Never one for small talk, she started to recite,
—The poem is the cry of its occasion,
Part of the res itself and not about it.
The poet speaks the poem as it is. . .
—I suppose, she said, that the deliberate appeal to Kant there is a bit clunking, but he’s interesting, isn’t he? I think I could get him into my Bible book.
—I tried him once and could not get on.
—Oh, I’ll buy you this book. She spoke as if this would make good my deficient understanding of the poet. —You can buy me some coffee.
In those days, the presence of coffee-bars in American bookstores was a novelty for English visitors. While I fetched the foaming cups, L. was saying:
—Men, as Stevens says in the very title of one of his short poems, are ‘Made out of Words’.
L. had already bought me the book. She was in mid-sentence.
—In another short poem, ‘The House Was Quiet and the World Was Calm’, he depicts a quiet evening in which someone is in a house, reading. Without crassly spelling out the strangeness of reading itself, the poem. . . conveys this strangeness.
The summer night is like a perfection of thought.
The house was quiet because it had to be.
The quiet was part of the meaning, part of the mind:
The access of perfection to the page.
And the world was calm. The truth in a calm world,
In which there is no other meaning, itself
Is calm. . .
—What has that got to do with the Bible? I asked gently.
—Everything has to do with the Bible! L. laughed —Language especially. Language is always a code. Poets, the great poets, are able to wash words and make us feel they are being used for the first time. Samuel Johnson’s advice – ‘clear your mind of cant’ – is only partially possible. To any statement, however apparently anodyne, we bring the associations of the words themselves. Naked experience, without language, is impossible, and almost all language is soaked for us in quotation, in midrash.

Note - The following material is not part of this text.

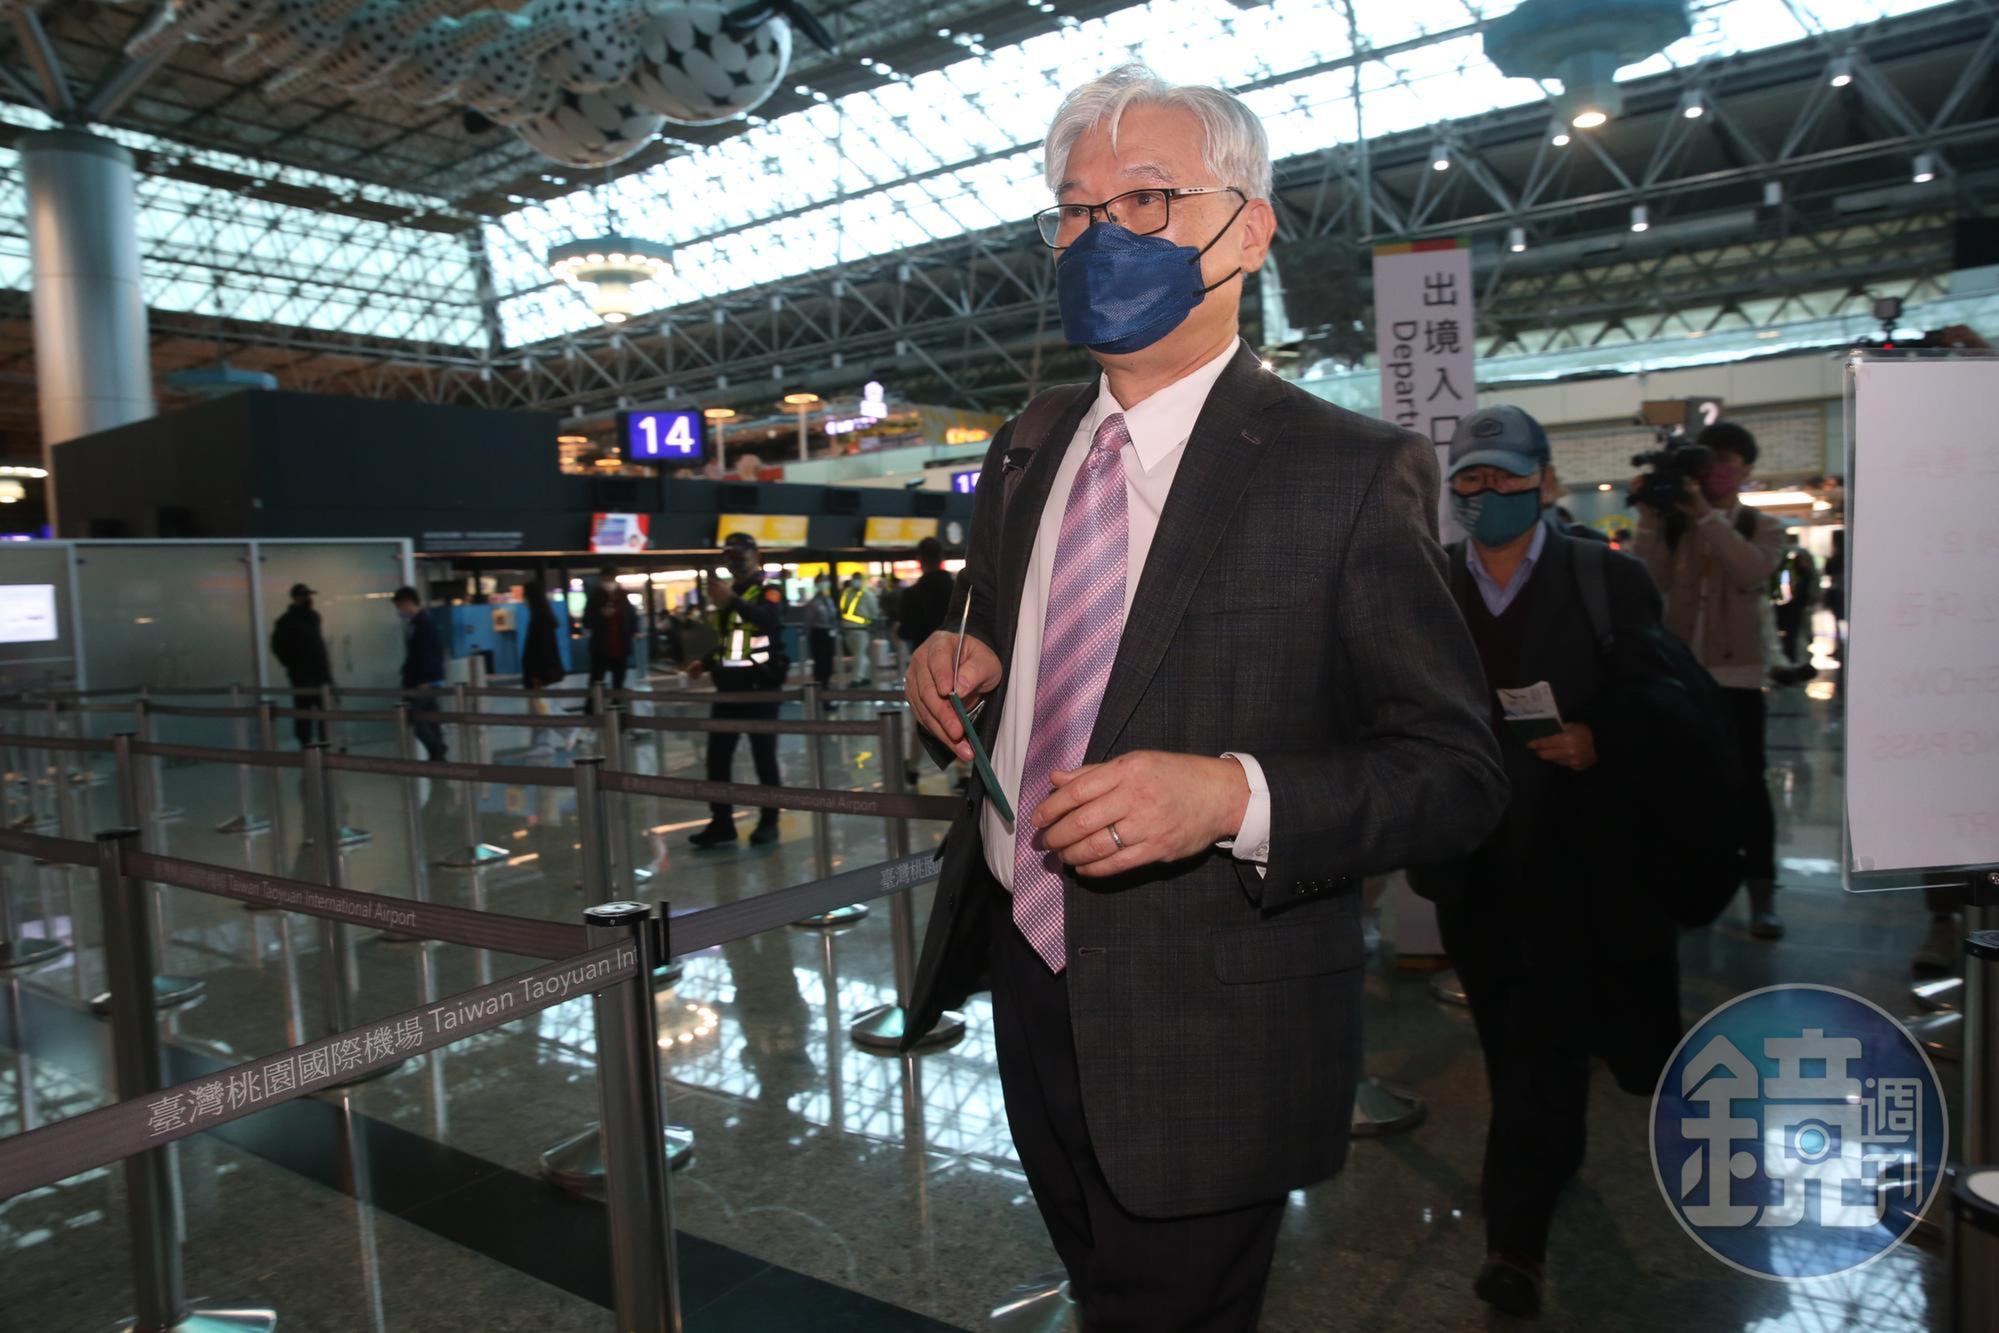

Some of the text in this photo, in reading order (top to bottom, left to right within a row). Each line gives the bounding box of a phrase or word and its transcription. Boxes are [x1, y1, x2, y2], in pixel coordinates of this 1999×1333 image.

She lifted a cup to her lips as if she was about to drink, and then – a habit which had struck, and irritated, me on our very first meeting when I was aged eighteen – she put it down again, still speaking, not having drunk. (She had done exactly the same with the ginger-beer shandy in the Museum Tavern.)
—The Bible is doing two things, almost at once: it is stripping down images, and it is reaffirming images. But mainly stripping. The ban on idolatry. The making of the Golden Calf in the Wilderness. The setting up of the Golden Image by Nebuchadnezzar – all rejected. If only the people taking part in this God Debate at the moment. . .
—Which people?
—Some of your friends. You even wrote. . . she smiled. . . that intemperate pamphlet. You see, what I want to write about the Bible is a book which follows the three main patterns of the Book: Torah, Prophets, Writings. . . In its way the Bible is an experiment with language. How can you escape language, how can you live outside the mythology of language. . . So, although Stevens thought he was escaping the Lutheran inheritance, maybe he was in fact following it. He spent his whole life trying to write out the experience of having Lutheran ancestors, trying to unpick, or undo the rigidity of the Bible-reading forebears – whom he admired but had to escape. What he managed to do in the process of his flight was create some of the most wonderful poetry of the twentieth century.
Later in the day, I asked my daughter whether she had run into L. The question occasioned mirth.
—The tall mad-woman! She’s coming to my seminar on Tragedy. She won’t concentrate on the text. Last week the rest of us were trying to discuss Philoctetes, the poor man with the bleeding feet. Your friend took us on a long journey around the Book of Job, Samson Agonistes, the Crucifixion and Bonhoeffer – who said he could only worship a god who was a Suffering God. . .
I agreed with my daughter that such diversions would have put the duller students off their stride. Inwardly, however, I smiled. Attagirl.